Donald Trump x CEO do JPMorgan Chase, Jamie Dimon, explica processo de US$ 5 bilhões
O CEO de Donald Trump x JPMorgan Chase, Jamie Dimon, explicou o processo de US$ 5 bilhões na manhã de quinta-feira em uma ação movida no Tribunal do Estado da Flórida, em Miami. Trump e várias empresas de hospitalidade estão listadas como demandantes. O processo alega que o JP Morgan canalizou dinheiro sem aviso ou solução.
Donald Trump entrou com uma ação judicial contra o JPMorgan Chase e seu presidente-executivo, Jamie Dimon. A ação pede pelo menos US$ 5 bilhões em danos. Centra-se em alegações de que o banco encerrou contas relacionadas com Trump no início de 2021 por razões políticas.
Por que o presidente dos EUA arquivou o caso?
Donald Trump acusou o JPMorgan de violar as suas próprias políticas ao encerrar várias das suas contas. A denúncia alega que o banco agiu para seguir a maré política após o ataque à capital em 6 de janeiro de 2021 por partidários de Trump. Trump diz que o banco o atacou por causa de opiniões políticas.
O processo alega que o JP Morgan serviu Trump durante décadas. Alega que o banco encerrou o relacionamento sem explicação. Trump argumenta que a decisão tem motivações políticas e sociais. O termo desbancarização de depósito é usado para descrever as atividades.
Todas as reclamações levantadas em processos judiciais
A denúncia diz que o JPMorgan promove respeito e valores fundamentais. Supostamente, esses valores foram violados. Trump diz que as contas bancárias foram encerradas sem aviso prévio ou oportunidade de reparação. Argumenta-se que isto reflecte a tendência dos bancos de negar serviços com base em crenças políticas.
A equipe jurídica de Trump afirma que o JPMorgan agiu sob pressão e medo de reação pública. O processo diz que o banco deve se distanciar de Trump e das opiniões conservadoras. Tais medidas limitam o acesso aos serviços bancários nos Estados Unidos.
JPMorgan Chase e CEO Jamie Dimon responderam
O JP Morgan respondeu com uma declaração.

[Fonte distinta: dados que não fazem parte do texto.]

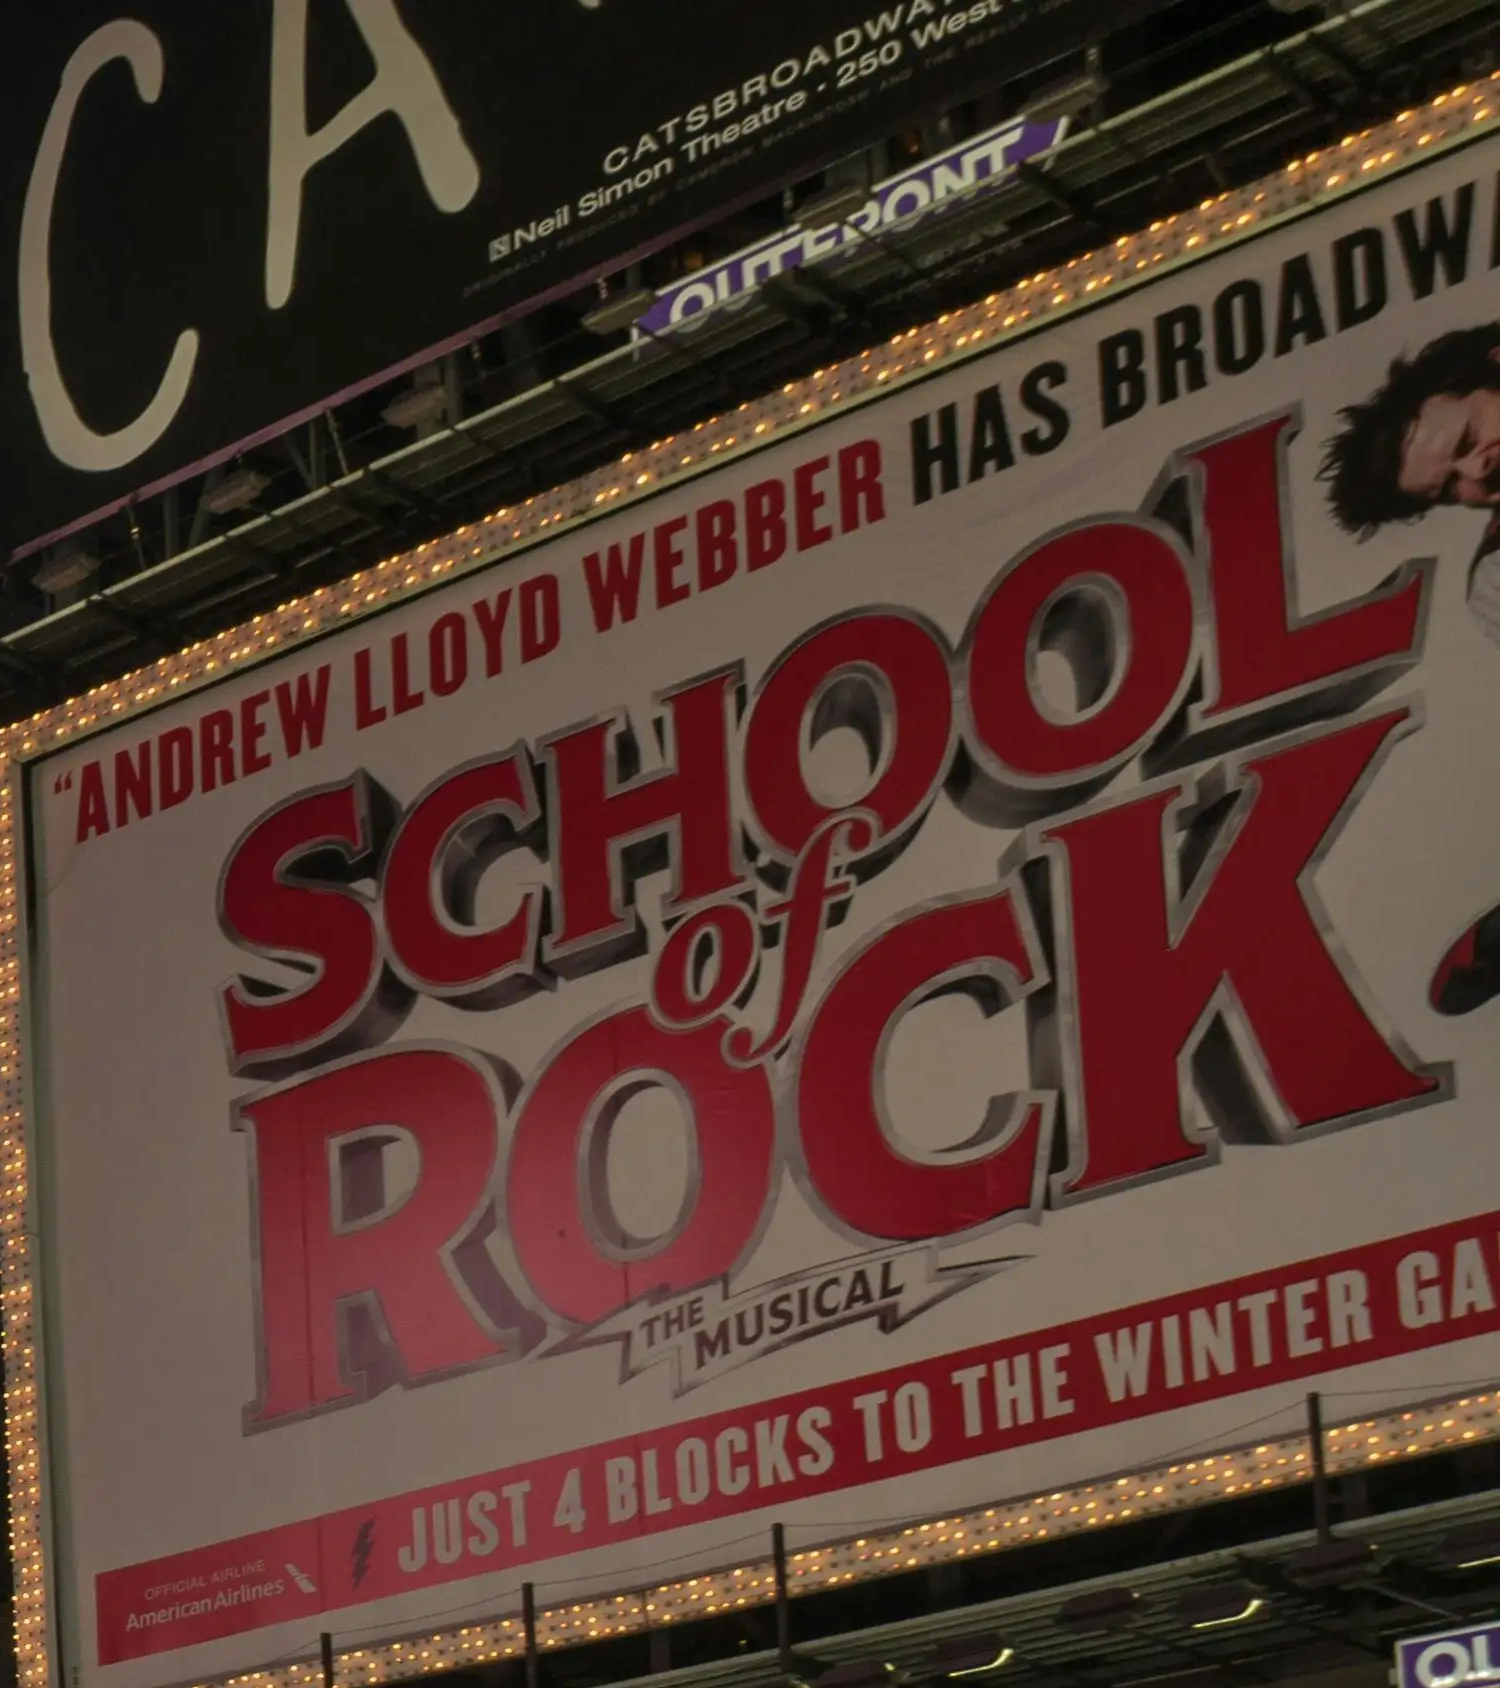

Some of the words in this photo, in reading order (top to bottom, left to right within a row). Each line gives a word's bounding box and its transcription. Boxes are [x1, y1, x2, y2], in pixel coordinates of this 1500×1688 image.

O banco disse que o caso não tem mérito. Diz que as contas não são encerradas por motivos políticos ou religiosos. O banco disse que os fechamentos ocorrem quando há um risco legal ou regulatório.
O JP Morgan disse que respeita o direito de Trump de processar e de se defender. O banco também disse que apoia mudanças nas regras que forçariam o encerramento de contas sem explicação.
Contexto político e regulatório
Os bancos enfrentaram pressão nas medidas de desbancarização. Os conservadores argumentam que os bancos discriminam certas indústrias e indivíduos. Os reguladores analisaram se regras mais rigorosas desencorajaram os bancos de servir determinados sectores.
Os reguladores federais disseram que iriam parar de policiar os bancos com base no risco de reputação. Os bancos disseram que os critérios eram vagos. Eles também querem atualizações sobre as leis contra a lavagem de dinheiro.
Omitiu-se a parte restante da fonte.